| Description of the task |
Word for word, repeat the data; no picture should appear in the result.
▬▬▬
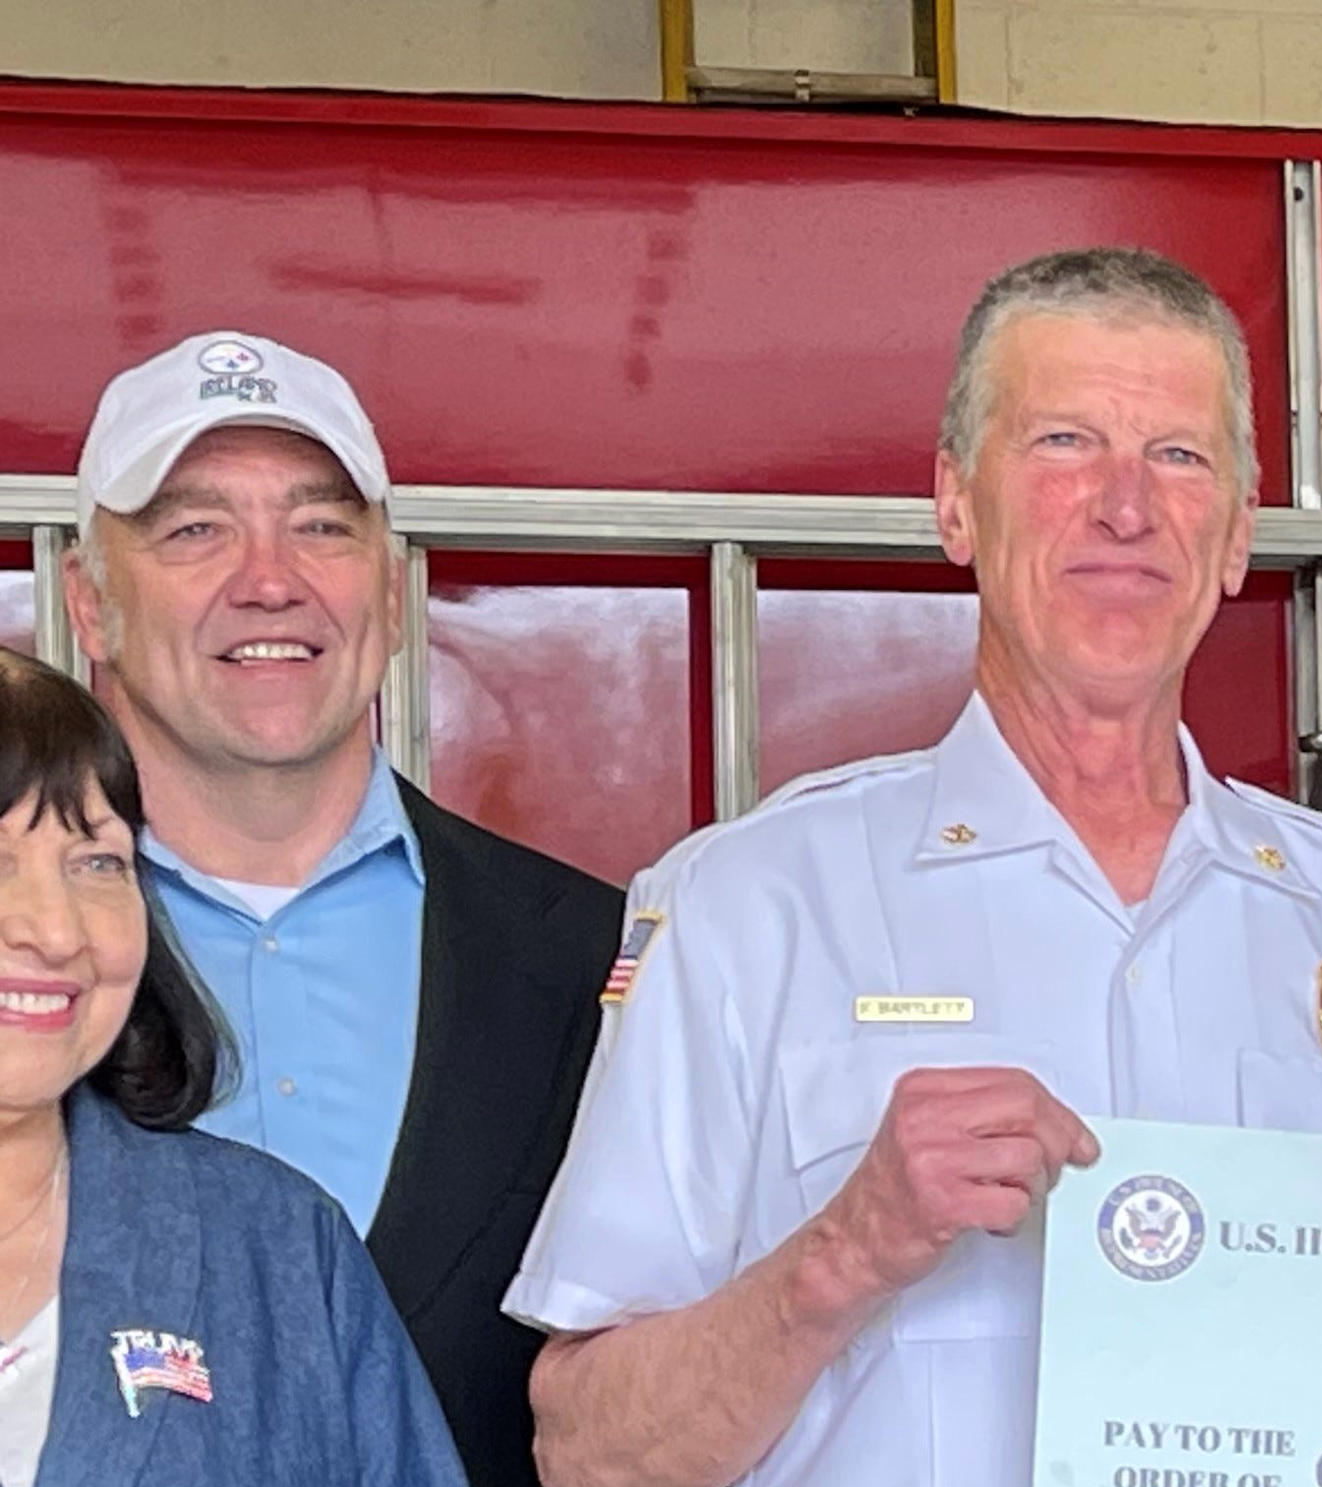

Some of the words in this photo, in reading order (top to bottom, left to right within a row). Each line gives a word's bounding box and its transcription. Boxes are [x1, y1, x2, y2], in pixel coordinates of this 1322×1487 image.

[1219, 1220, 1287, 1254] U.S.
[1104, 1420, 1168, 1449] PAY
[1174, 1424, 1222, 1453] TO
[1227, 1427, 1296, 1457] THE
▬▬▬
| Solution to this exercise |
Some of the words in this photo, in reading order (top to bottom, left to right within a row). Each line gives a word's bounding box and its transcription. Boxes are [x1, y1, x2, y2], in pixel coordinates of this 1322×1487 image.

[1219, 1220, 1287, 1254] U.S.
[1104, 1420, 1168, 1449] PAY
[1174, 1424, 1222, 1453] TO
[1227, 1427, 1296, 1457] THE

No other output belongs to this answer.